CA and BLO as a finish



I just rescaled this kitchen knife and as the first one I have done there is a lot that is wrong with it but I wanted to post the way I finished it as it should work great for a lot of small GF projects.

I stumbled across this on the interwebs and mostly pen turners use it but it works great for any small smooth project.

Just sand smooth, apply a light coat of BLO (boiled linseed oil), then put a small amount of thin CA (super glue) on a shop towel and rub it in briskly. Don’t stop moving or you can end up gluing the towel to your part.
The BLO acts as an accelerant for the CA and everything is dry almost instantly. No hours between coats. Apply two or three coats and then polish.


I’m one of those that use CA finish on my pens and it does work great once you get the hang of applying it. I use an accelerator spray after applying rather than linseed oil before the CA. Nice job!


I’ve seen just the CA and accelerator as well and experimented with it on a scrap. I guess it depends on the wood as for this maple the CA BLO combo works great.


Whoa, that’s a new one on me! I’m definitely going to have to try that!


Thanks for the tip! I wonder if it works for guitars…


That would be a lot of CA glue and it ain’t cheap…


The finish is pretty hard too!
I don’t see anything wrong with it… the craftsman/artist who made it has the most critical eye.

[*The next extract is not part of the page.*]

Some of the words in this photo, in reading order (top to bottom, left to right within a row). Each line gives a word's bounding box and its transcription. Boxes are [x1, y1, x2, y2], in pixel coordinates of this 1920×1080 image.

Just a safety note: linseed oil left on a towel or rag can sometimes rapidly oxidize and start a fire. Please store it away from your home or dispose of quickly. This is especially true of fresh oil.


I think it would be great for little detail parts but unless you have a good cheep source for ca doing the body would be cost prohibitive.

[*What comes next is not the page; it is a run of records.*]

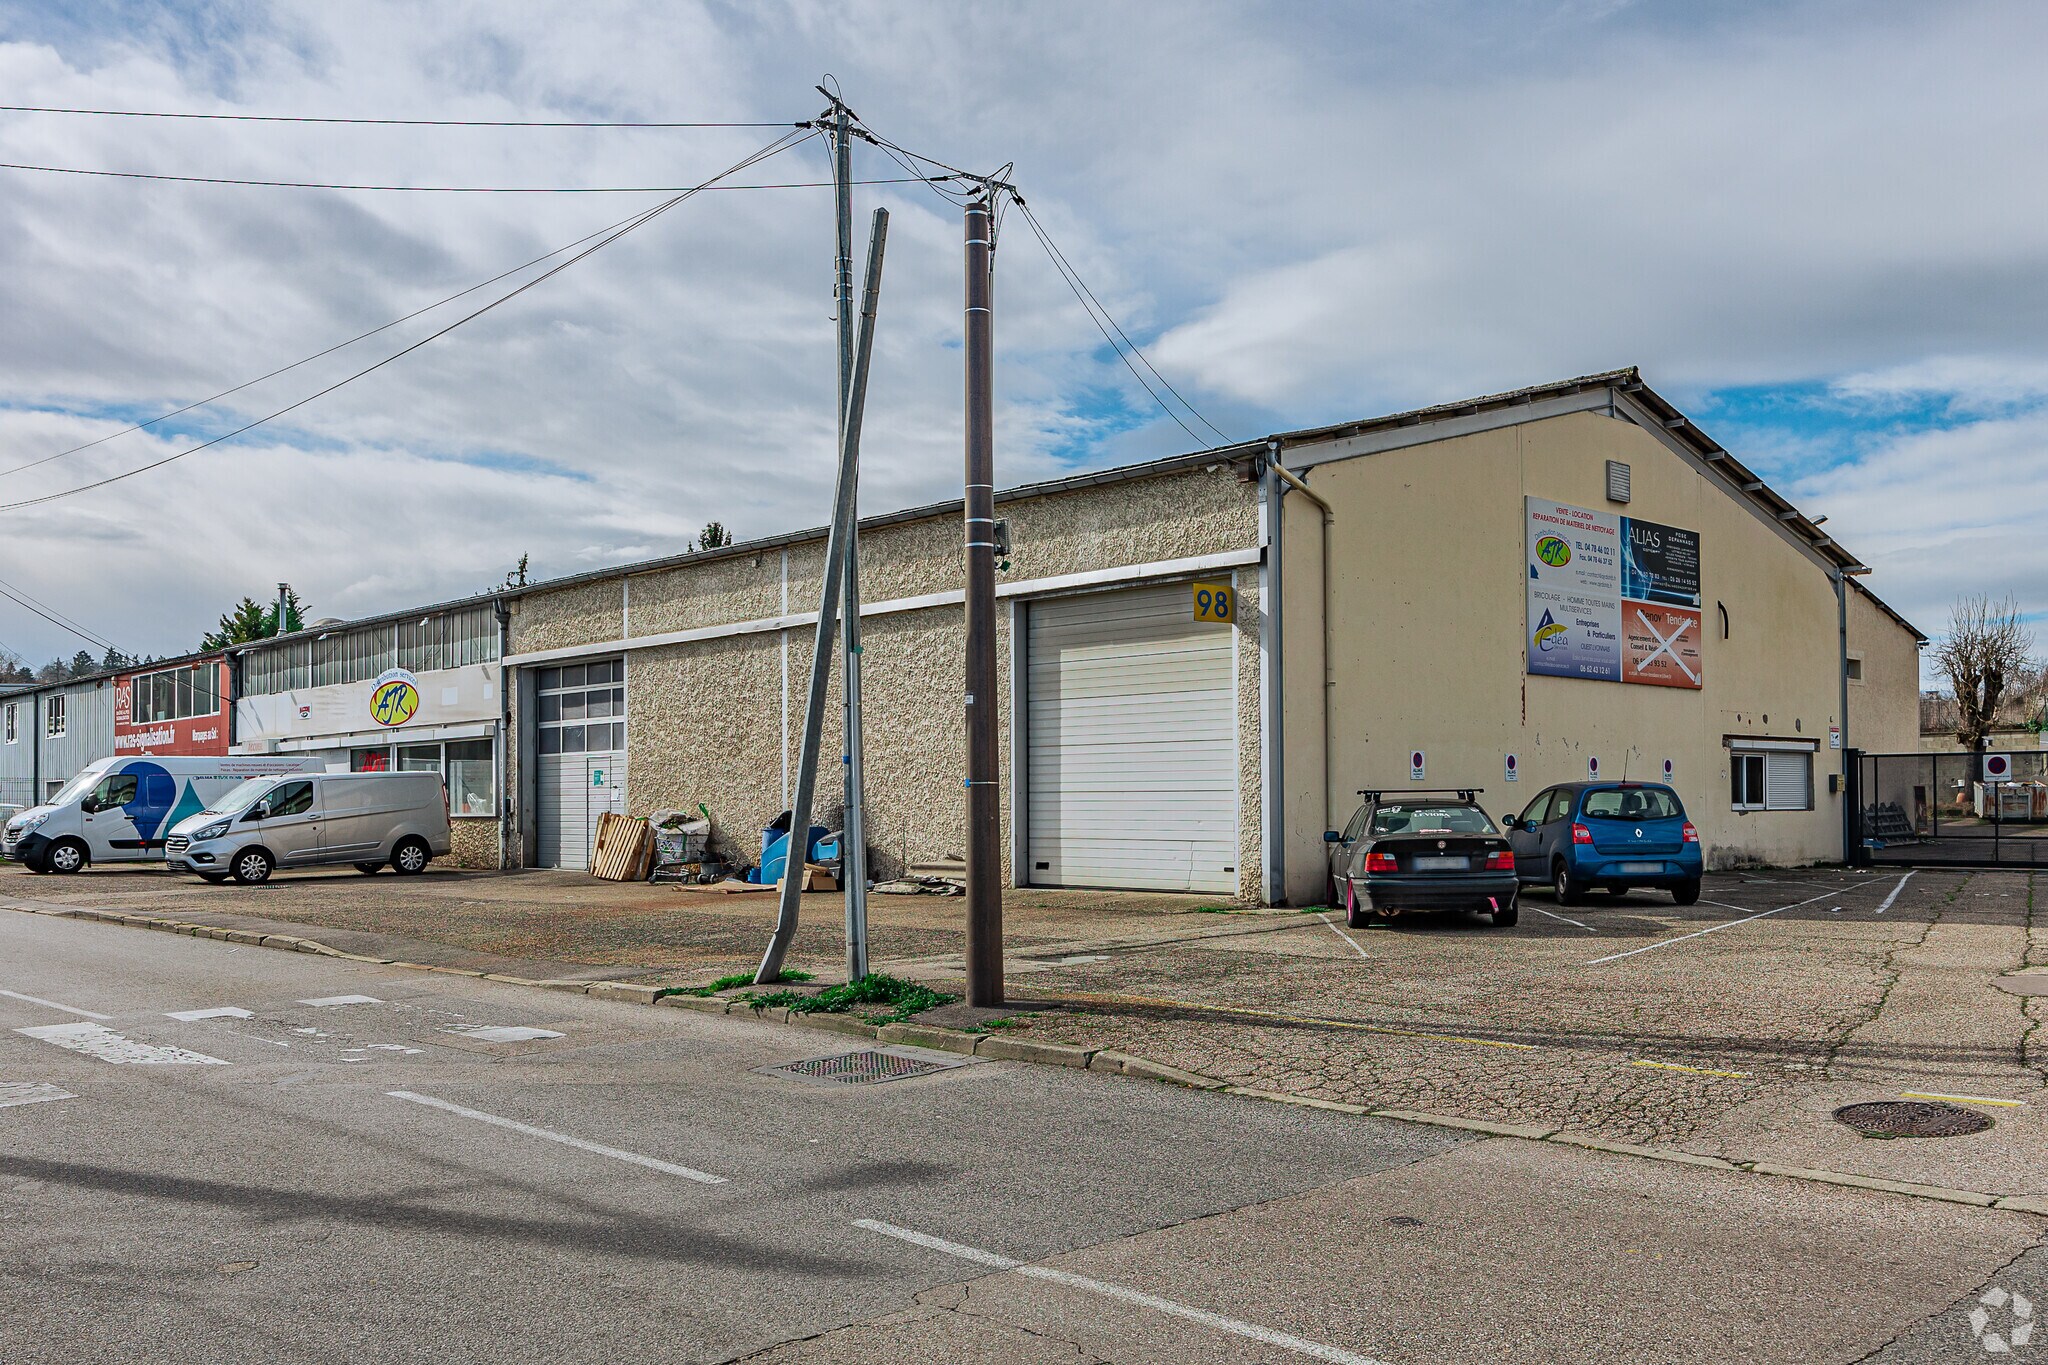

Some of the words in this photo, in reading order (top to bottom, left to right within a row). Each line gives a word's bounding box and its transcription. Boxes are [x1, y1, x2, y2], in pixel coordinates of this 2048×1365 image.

[1556, 507, 1568, 516] VENTE
[1572, 511, 1593, 520] LOCATION
[1592, 525, 1615, 535] NETTOYAGE
[1628, 527, 1660, 548] ALIAS
[1541, 540, 1564, 565] AJR
[1585, 543, 1590, 551] 04
[1604, 547, 1609, 555] 02
[1610, 548, 1616, 556] 11
[1197, 590, 1228, 618] 98
[1534, 591, 1561, 601] BRICOLAGE
[1567, 596, 1584, 605] HOMME
[1585, 599, 1600, 607] TOUTES
[1601, 601, 1615, 609] MAINS
[1560, 604, 1592, 615] MULTISERVICES
[1576, 618, 1599, 628] Entreprises
[1666, 613, 1698, 628] Tendace
[1593, 631, 1616, 640] Particuliers
[116, 686, 130, 709] RAS
[376, 684, 408, 724] AJR

Good point. You are using small amounts with this but as with any finishing oil, take precautions.


Question for the hivemind: Is using CA on leather exothermic?

@volivaa’s safety note reminded me of something from when I was a teenager (long, long ago in a galaxy far away) — I used CrazyGlue (CA) to repair a leather belt, and remember that the join grew uncomfortably hot when I held it together with my fingers. Haven’t though of this in decades, but now I’m curious as to appropriate adhesives for leather.

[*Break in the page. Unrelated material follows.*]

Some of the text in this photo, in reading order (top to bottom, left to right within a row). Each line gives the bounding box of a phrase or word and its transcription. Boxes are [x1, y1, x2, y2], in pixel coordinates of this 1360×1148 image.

I don’t know about leather in particular but accelerated curring of ca very much produces a lot of heat.


And be careful disposing the rag. We had some contractors almost burn our new house down by letting a soaked rag laying around. It luckily only burned some scrap wood. If it ended a few inches closer to the rough framed wall, it would have come out worse.


When joining two SOFT pieces of leather or belt type leather, you must make sure that the surfaces you’re going to join are un-treated and rough, then a THIN layer of rubber or contact cement on both surfaces and let dry til still wet but not quite pull clean from your finger tacky…THIS is the trick.